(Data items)
----

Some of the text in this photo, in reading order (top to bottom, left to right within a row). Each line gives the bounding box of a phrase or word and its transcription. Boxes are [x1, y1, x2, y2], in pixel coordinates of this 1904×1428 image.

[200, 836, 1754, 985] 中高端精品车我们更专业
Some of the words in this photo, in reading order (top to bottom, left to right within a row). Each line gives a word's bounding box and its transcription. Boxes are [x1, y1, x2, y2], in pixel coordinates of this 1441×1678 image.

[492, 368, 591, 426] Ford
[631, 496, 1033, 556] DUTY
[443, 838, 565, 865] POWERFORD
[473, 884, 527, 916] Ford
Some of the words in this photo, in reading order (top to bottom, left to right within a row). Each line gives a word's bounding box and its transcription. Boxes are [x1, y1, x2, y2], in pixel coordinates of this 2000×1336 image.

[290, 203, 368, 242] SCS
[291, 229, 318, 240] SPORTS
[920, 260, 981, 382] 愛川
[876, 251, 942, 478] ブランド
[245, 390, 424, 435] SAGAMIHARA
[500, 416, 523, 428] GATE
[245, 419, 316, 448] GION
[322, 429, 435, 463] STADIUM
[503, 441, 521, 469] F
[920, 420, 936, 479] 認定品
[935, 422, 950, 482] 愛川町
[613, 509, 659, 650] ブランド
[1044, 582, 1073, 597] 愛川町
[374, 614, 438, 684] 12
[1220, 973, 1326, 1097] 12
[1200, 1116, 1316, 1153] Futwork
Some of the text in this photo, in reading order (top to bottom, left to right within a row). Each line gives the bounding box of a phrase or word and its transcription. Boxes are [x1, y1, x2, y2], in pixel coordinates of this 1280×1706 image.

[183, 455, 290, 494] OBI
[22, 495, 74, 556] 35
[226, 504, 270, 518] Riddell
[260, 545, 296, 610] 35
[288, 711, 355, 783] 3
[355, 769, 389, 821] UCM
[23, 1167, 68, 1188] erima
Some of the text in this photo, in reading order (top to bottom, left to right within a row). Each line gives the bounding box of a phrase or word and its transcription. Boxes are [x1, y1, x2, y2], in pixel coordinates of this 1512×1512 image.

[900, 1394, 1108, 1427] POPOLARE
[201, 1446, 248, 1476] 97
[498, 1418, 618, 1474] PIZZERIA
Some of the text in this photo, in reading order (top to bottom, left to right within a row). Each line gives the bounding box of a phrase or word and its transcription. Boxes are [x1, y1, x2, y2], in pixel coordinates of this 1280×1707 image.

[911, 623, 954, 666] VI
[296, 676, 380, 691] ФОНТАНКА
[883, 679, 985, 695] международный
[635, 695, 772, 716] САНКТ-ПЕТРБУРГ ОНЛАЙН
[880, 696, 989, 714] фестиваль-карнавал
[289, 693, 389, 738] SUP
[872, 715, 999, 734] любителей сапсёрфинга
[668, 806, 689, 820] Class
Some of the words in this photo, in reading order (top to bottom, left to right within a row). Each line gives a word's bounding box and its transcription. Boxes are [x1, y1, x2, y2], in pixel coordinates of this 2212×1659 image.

----

Your answer must be every record above, repeated exactly.

WRITTEN REPLY:
Some of the text in this photo, in reading order (top to bottom, left to right within a row). Each line gives the bounding box of a phrase or word and its transcription. Boxes are [x1, y1, x2, y2], in pixel coordinates of this 1904×1428 image.

[200, 836, 1754, 985] 中高端精品车我们更专业
Some of the words in this photo, in reading order (top to bottom, left to right within a row). Each line gives a word's bounding box and its transcription. Boxes are [x1, y1, x2, y2], in pixel coordinates of this 1441×1678 image.

[492, 368, 591, 426] Ford
[631, 496, 1033, 556] DUTY
[443, 838, 565, 865] POWERFORD
[473, 884, 527, 916] Ford
Some of the words in this photo, in reading order (top to bottom, left to right within a row). Each line gives a word's bounding box and its transcription. Boxes are [x1, y1, x2, y2], in pixel coordinates of this 2000×1336 image.

[290, 203, 368, 242] SCS
[291, 229, 318, 240] SPORTS
[920, 260, 981, 382] 愛川
[876, 251, 942, 478] ブランド
[245, 390, 424, 435] SAGAMIHARA
[500, 416, 523, 428] GATE
[245, 419, 316, 448] GION
[322, 429, 435, 463] STADIUM
[503, 441, 521, 469] F
[920, 420, 936, 479] 認定品
[935, 422, 950, 482] 愛川町
[613, 509, 659, 650] ブランド
[1044, 582, 1073, 597] 愛川町
[374, 614, 438, 684] 12
[1220, 973, 1326, 1097] 12
[1200, 1116, 1316, 1153] Futwork
Some of the text in this photo, in reading order (top to bottom, left to right within a row). Each line gives the bounding box of a phrase or word and its transcription. Boxes are [x1, y1, x2, y2], in pixel coordinates of this 1280×1706 image.

[183, 455, 290, 494] OBI
[22, 495, 74, 556] 35
[226, 504, 270, 518] Riddell
[260, 545, 296, 610] 35
[288, 711, 355, 783] 3
[355, 769, 389, 821] UCM
[23, 1167, 68, 1188] erima
Some of the text in this photo, in reading order (top to bottom, left to right within a row). Each line gives the bounding box of a phrase or word and its transcription. Boxes are [x1, y1, x2, y2], in pixel coordinates of this 1512×1512 image.

[900, 1394, 1108, 1427] POPOLARE
[201, 1446, 248, 1476] 97
[498, 1418, 618, 1474] PIZZERIA
Some of the text in this photo, in reading order (top to bottom, left to right within a row). Each line gives the bounding box of a phrase or word and its transcription. Boxes are [x1, y1, x2, y2], in pixel coordinates of this 1280×1707 image.

[911, 623, 954, 666] VI
[296, 676, 380, 691] ФОНТАНКА
[883, 679, 985, 695] международный
[635, 695, 772, 716] САНКТ-ПЕТРБУРГ ОНЛАЙН
[880, 696, 989, 714] фестиваль-карнавал
[289, 693, 389, 738] SUP
[872, 715, 999, 734] любителей сапсёрфинга
[668, 806, 689, 820] Class
Some of the words in this photo, in reading order (top to bottom, left to right within a row). Each line gives a word's bounding box and its transcription. Boxes are [x1, y1, x2, y2], in pixel coordinates of this 2212×1659 image.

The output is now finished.